» **YOUR OBJECTIVE**: Print each line below verbatim, skipping every picture.

[Dataset entries]
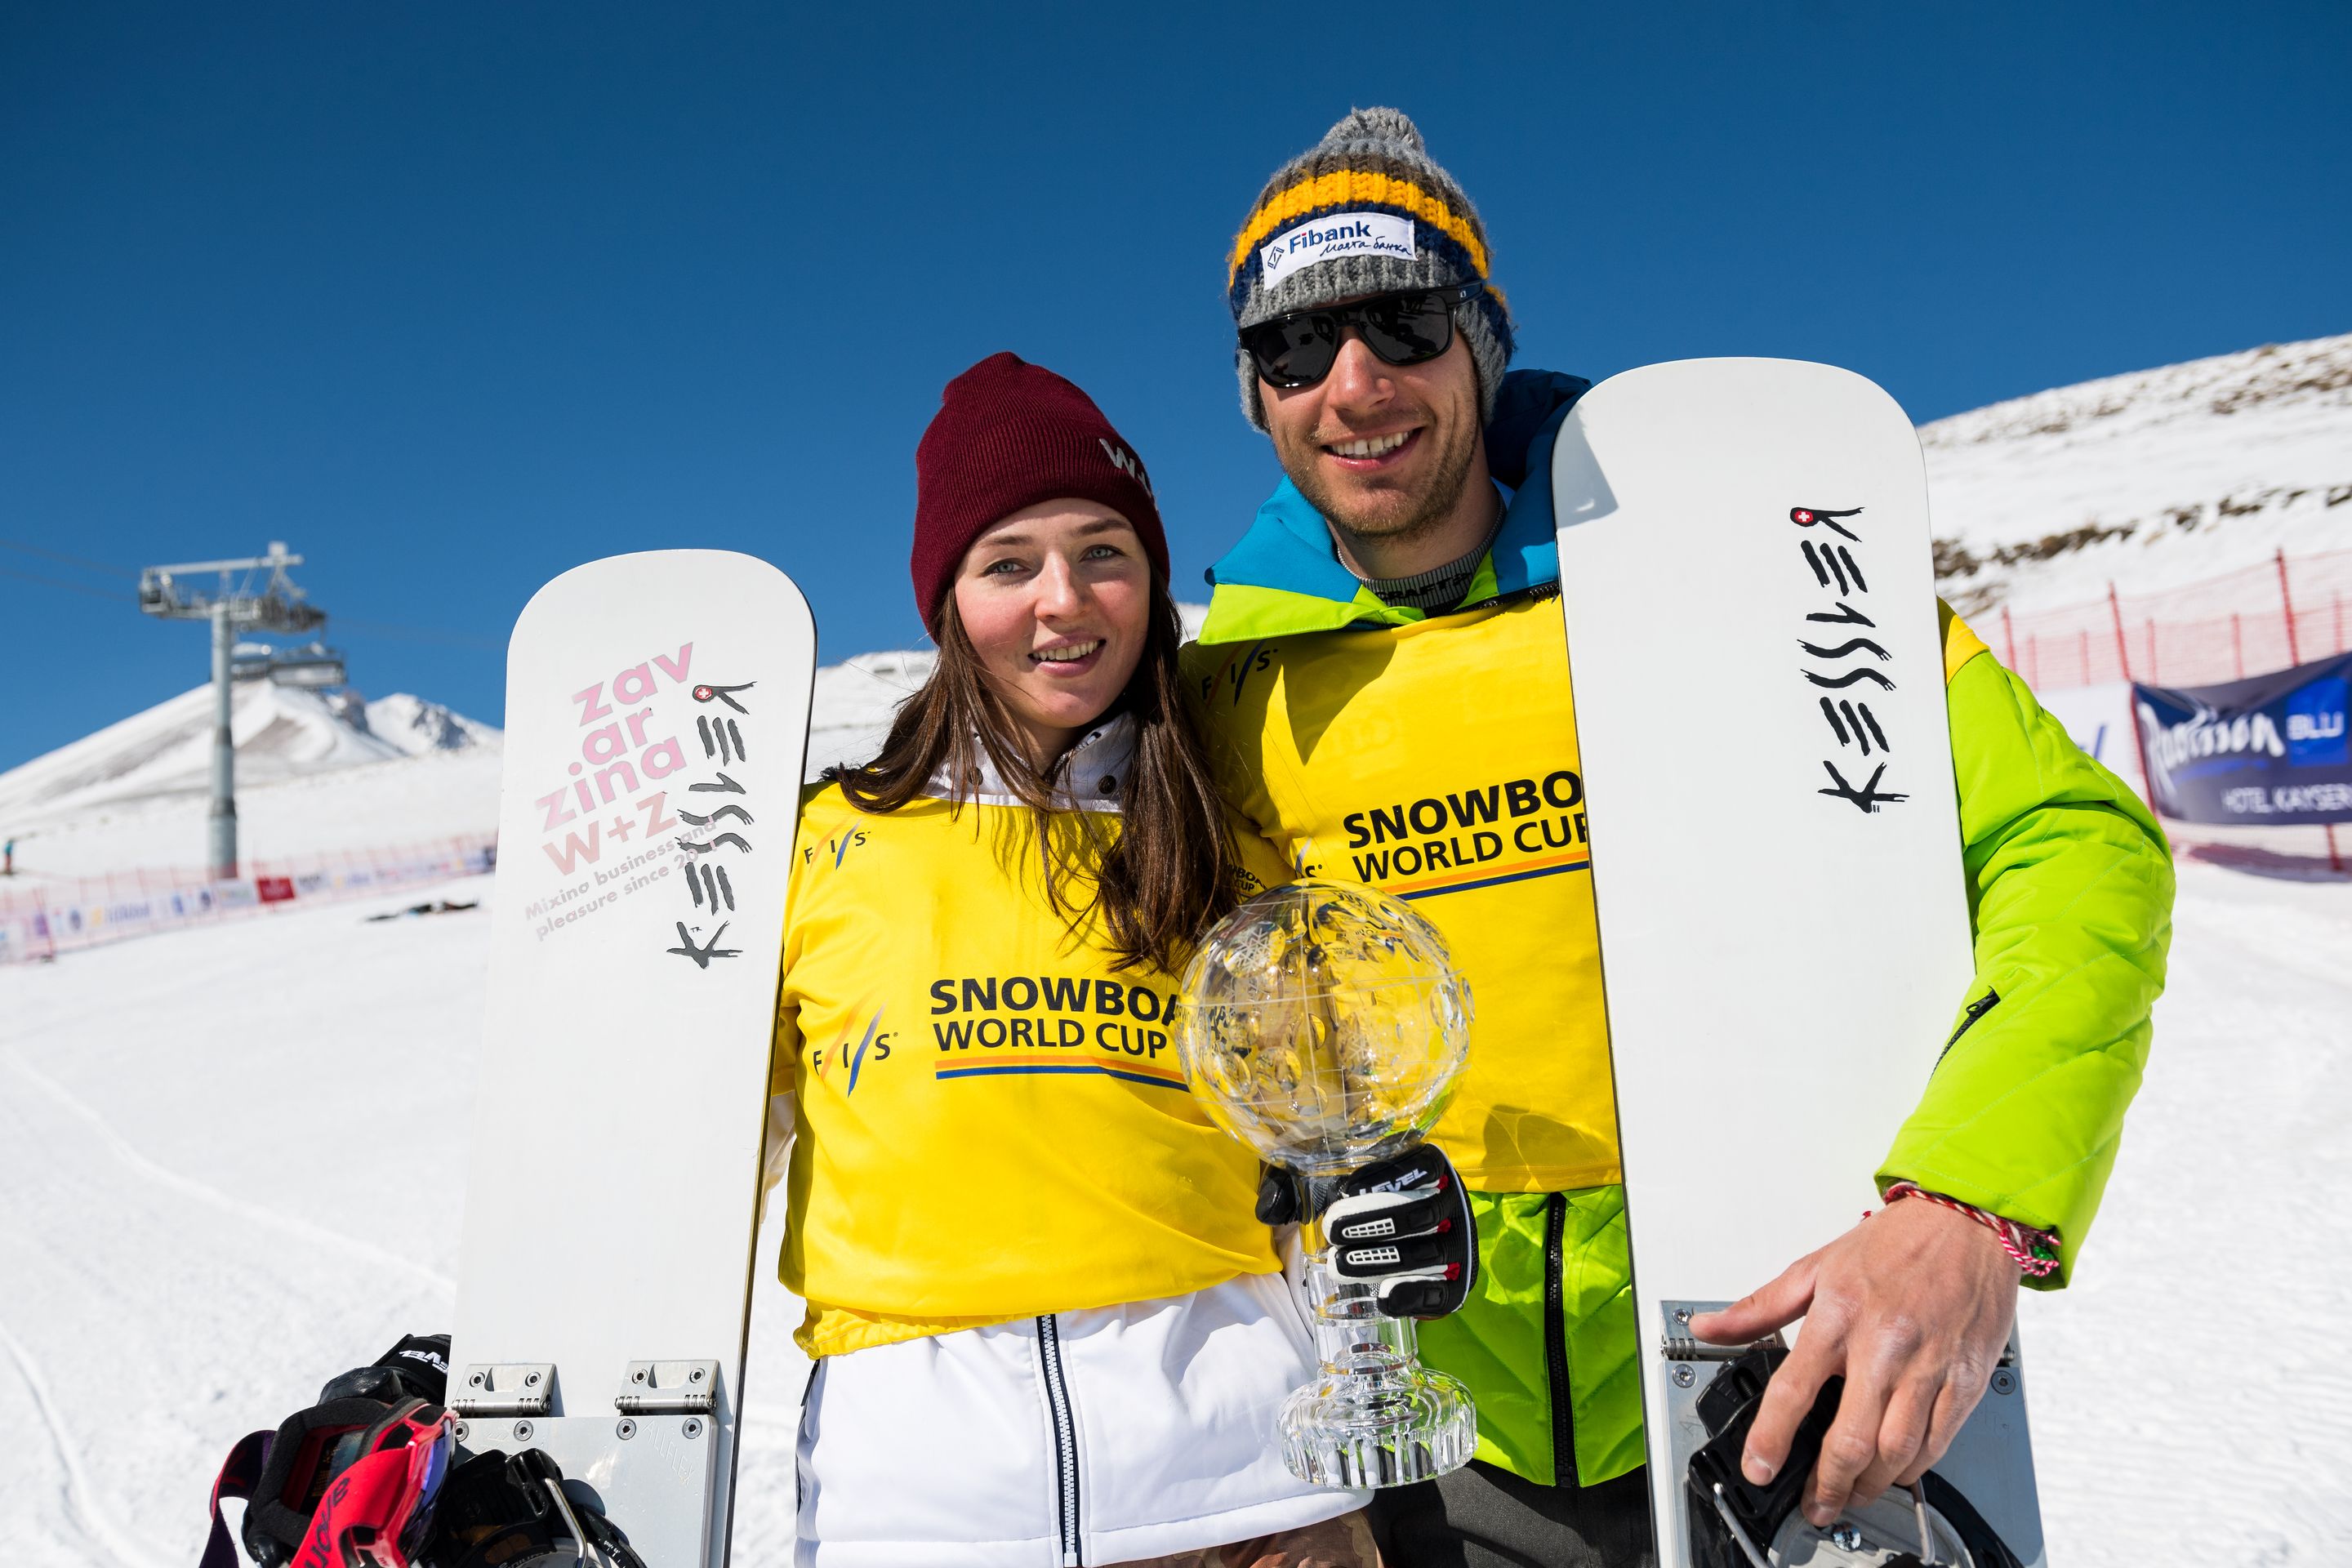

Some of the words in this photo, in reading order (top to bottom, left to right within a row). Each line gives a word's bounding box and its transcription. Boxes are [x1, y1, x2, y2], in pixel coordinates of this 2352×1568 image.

[1290, 221, 1371, 254] Fibank
[572, 642, 693, 727] zav
[2287, 713, 2344, 739] BLU
[535, 736, 687, 833] zina
[542, 791, 678, 876] W+Z
[1352, 831, 1503, 883] WORLD
[594, 840, 675, 886] business
[536, 892, 618, 942] pleasure
[624, 866, 670, 895] since
[933, 1018, 1085, 1052] WORLD
[1096, 1022, 1167, 1058] CUP

» **RESPONSE BOX**:
Some of the words in this photo, in reading order (top to bottom, left to right within a row). Each line gives a word's bounding box and its transcription. Boxes are [x1, y1, x2, y2], in pixel coordinates of this 2352×1568 image.

[1290, 221, 1371, 254] Fibank
[572, 642, 693, 727] zav
[2287, 713, 2344, 739] BLU
[535, 736, 687, 833] zina
[542, 791, 678, 876] W+Z
[1352, 831, 1503, 883] WORLD
[594, 840, 675, 886] business
[536, 892, 618, 942] pleasure
[624, 866, 670, 895] since
[933, 1018, 1085, 1052] WORLD
[1096, 1022, 1167, 1058] CUP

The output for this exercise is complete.